2011-08-12 06:16:19
By Hamish Pritchard Science Reporter
An enzyme from a microbe has shown how to make hydrogen more quickly and more cheaply.
Storing and transporting energy as hydrogen is seen as vital to future energy systems.
Turning electrical energy into chemical energy and then releasing it again on demand is the key to this process.
A major problem though is making this reaction fast and cheap enough to be viable.
Hydrogen can be made from water wherever electricity is available, even at home. And with a fuel cell it can be turned back into electricity, with water as the benign by-product.
If the electricity comes from a local renewable source such as a wind farm or array of solar cells, this means clean, independent and portable power that can be stored until needed.
New research published today in Science takes us a step closer to this vision.
Fuel cells need a catalyst to speed up the chemical reactions that change hydrogen into water and electricity. Platinum is very good at this but it is famously expensive and rare.
Some microbes, though, have known for a billion years how to make enzymes that can do the job using cheap and abundant nickel and iron.

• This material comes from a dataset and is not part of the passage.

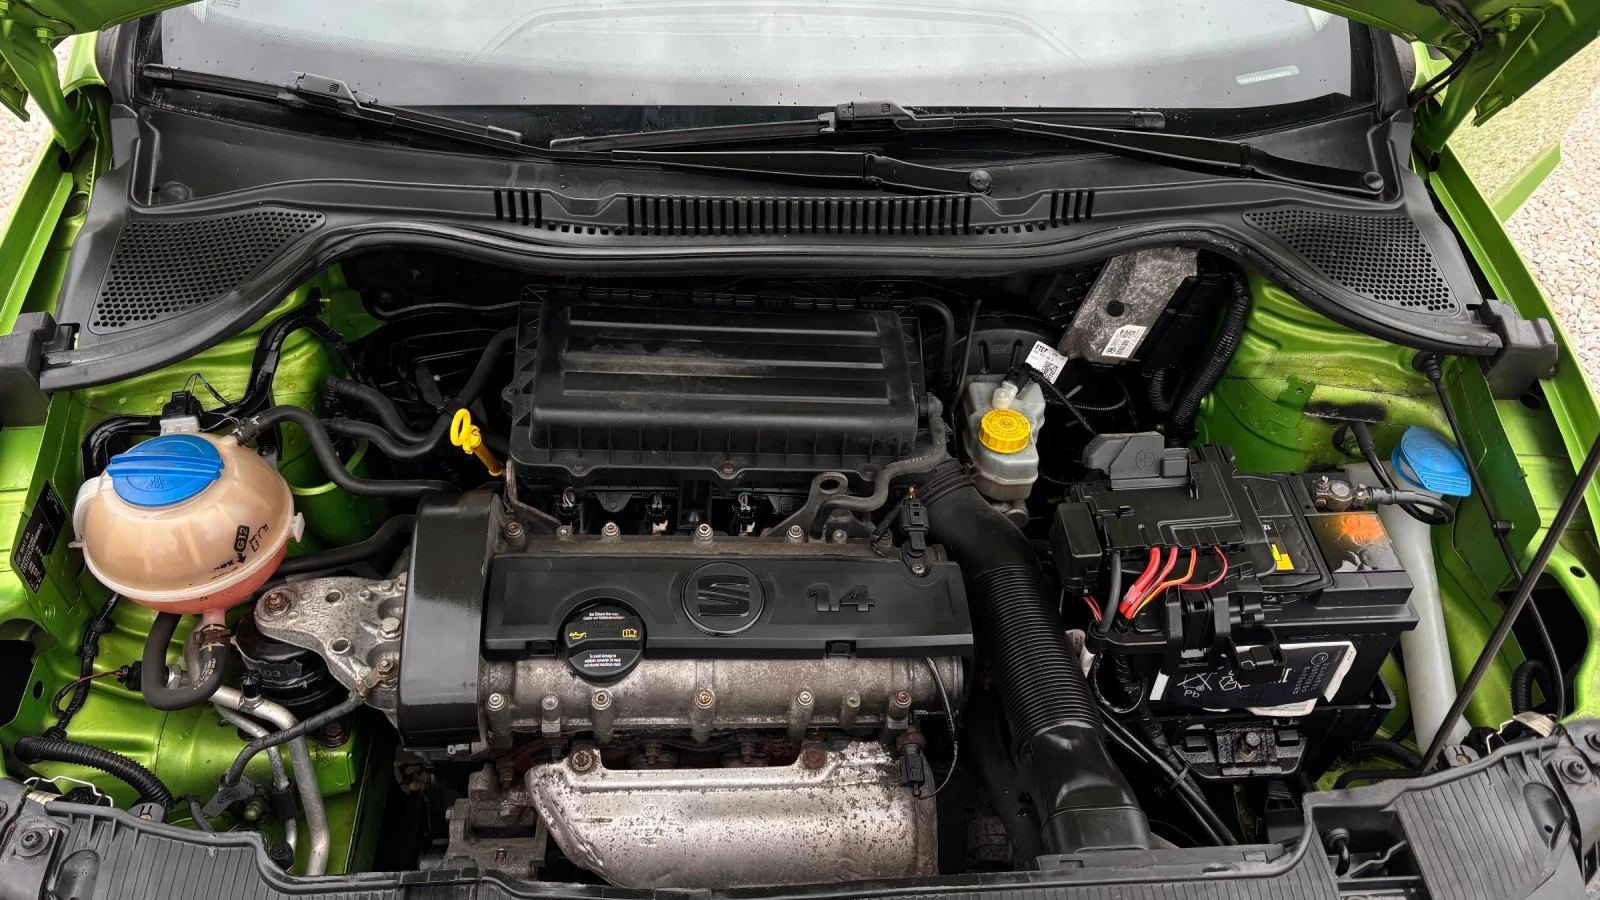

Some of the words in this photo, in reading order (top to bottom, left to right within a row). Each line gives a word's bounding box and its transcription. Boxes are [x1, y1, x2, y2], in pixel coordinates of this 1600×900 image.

[236, 527, 248, 549] G12
[808, 583, 875, 612] 1.4
[1183, 689, 1200, 698] Pb

These natural enzymes are unfortunately difficult to obtain and do not do so well outside the microbe.
Now researchers have managed to make a synthetic, toughened-up version.
Real-world viability
So far, they have looked at just one step in the complex reaction, where two hydrogen atoms taken from water are snapped together to make hydrogen gas.
But their new synthetic enzyme is performing surprisingly well, in fact it's 10 times faster than the natural one, making 100,000 molecules of hydrogen gas every second.
"This nickel-based catalyst is really very fast," said co-author Morris Bullock of the Pacific Northwest National Laboratory in the US state of Washington.
"In general, enzymes are already a lot faster than traditional catalysts like platinum - normally orders of magnitude faster, so this is exciting," said Professor Gavin Walker of the University of Nottingham, who was not involved in the study.
Although fast, at present the process still uses up too much electrical energy to be viable for real-world applications.
However, "these results highlight the substantial promise molecular catalysts hold for the production of hydrogen," wrote the authors.
"One of the nice things about hydrogen is that it's a versatile energy vector. It can be generated from a number of sources - wind, solar, biomass. But can it be done efficiently and how much will it cost? That's why this is an important discovery - looking at cheaper alternatives for the catalysts," said Professor Walker.
"If we can go across to using iron and nickel, that will be a lot cheaper. This will hopefully lead to cheaper hydrogen," he added.